** Opening EXERCISE INPUT block **

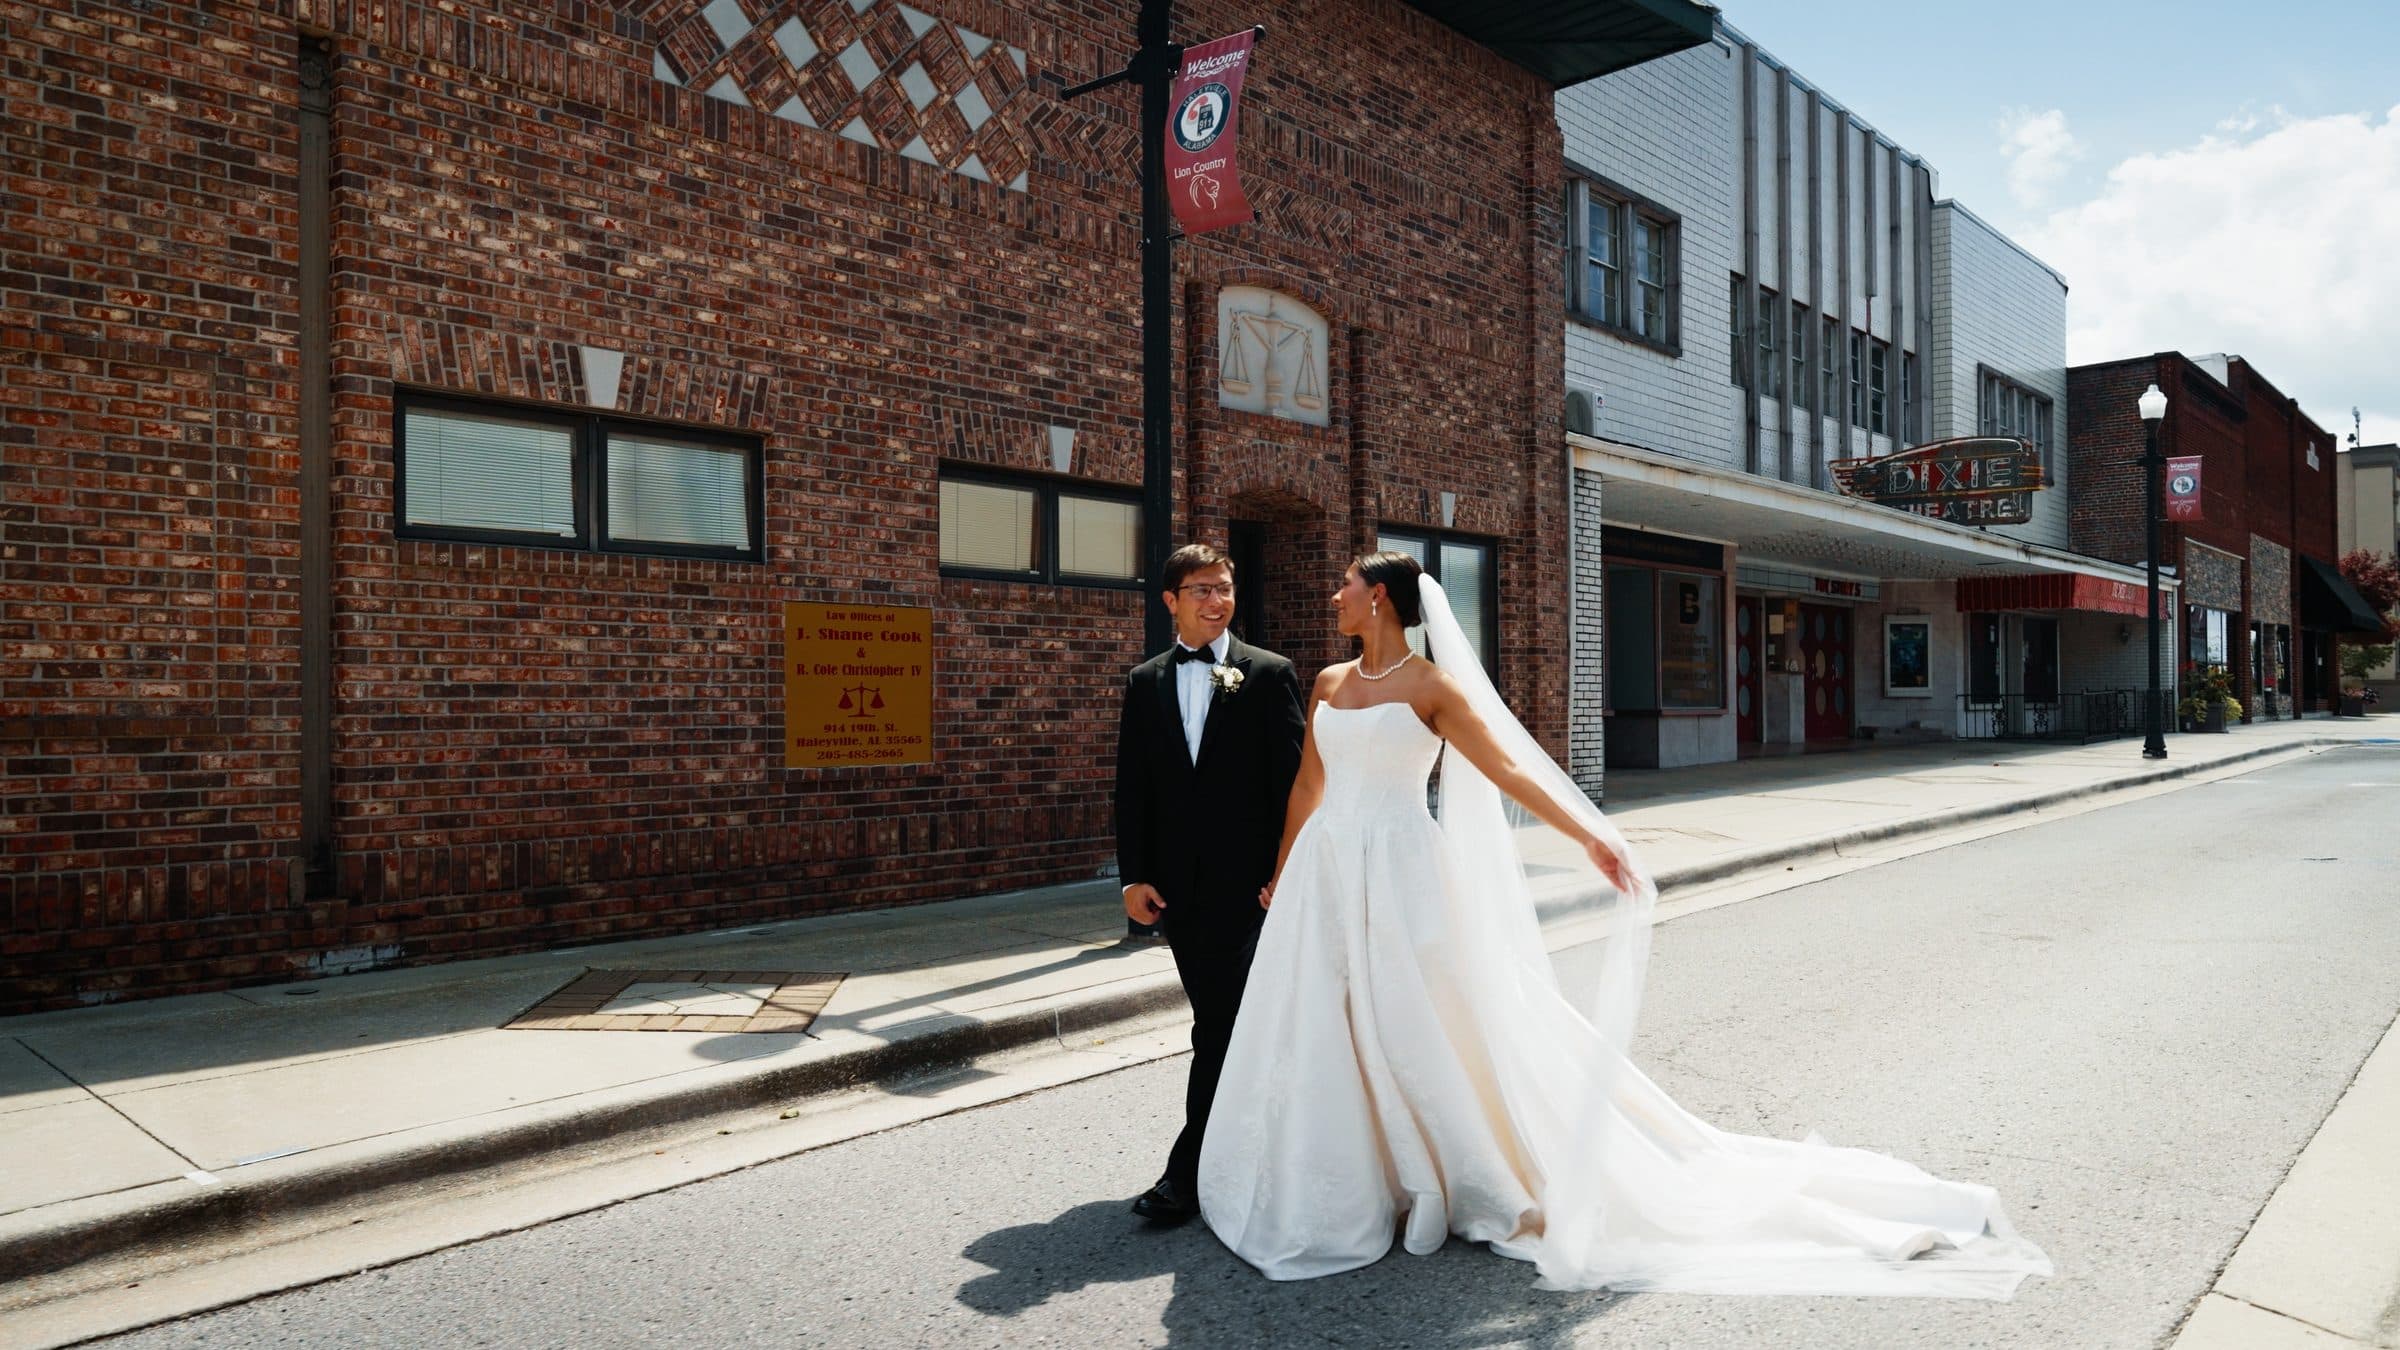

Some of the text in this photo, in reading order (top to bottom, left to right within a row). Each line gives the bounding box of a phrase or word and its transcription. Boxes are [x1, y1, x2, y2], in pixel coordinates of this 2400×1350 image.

[1187, 49, 1245, 75] Welcome
[1183, 134, 1217, 150] ALABAMA
[1174, 157, 1227, 179] Lion Country
[1889, 457, 2012, 494] DIXIE
[826, 611, 895, 622] Law Offices of
[796, 627, 923, 644] J. Shane Cook
[856, 647, 867, 659] &
[796, 663, 922, 677] R. Cole Christopher IV
[823, 722, 898, 734] 914 19th. St.
[796, 735, 923, 748] Haleyville, AL 35565
[816, 748, 904, 761] 205-485-2665

** Closing EXERCISE INPUT block **

▸ WHAT IS NEEDED
When you return the listing, keep each line exact and leave the pictures out.

▸ WRITTEN RESPONSE
Some of the text in this photo, in reading order (top to bottom, left to right within a row). Each line gives the bounding box of a phrase or word and its transcription. Boxes are [x1, y1, x2, y2], in pixel coordinates of this 2400×1350 image.

[1187, 49, 1245, 75] Welcome
[1183, 134, 1217, 150] ALABAMA
[1174, 157, 1227, 179] Lion Country
[1889, 457, 2012, 494] DIXIE
[826, 611, 895, 622] Law Offices of
[796, 627, 923, 644] J. Shane Cook
[856, 647, 867, 659] &
[796, 663, 922, 677] R. Cole Christopher IV
[823, 722, 898, 734] 914 19th. St.
[796, 735, 923, 748] Haleyville, AL 35565
[816, 748, 904, 761] 205-485-2665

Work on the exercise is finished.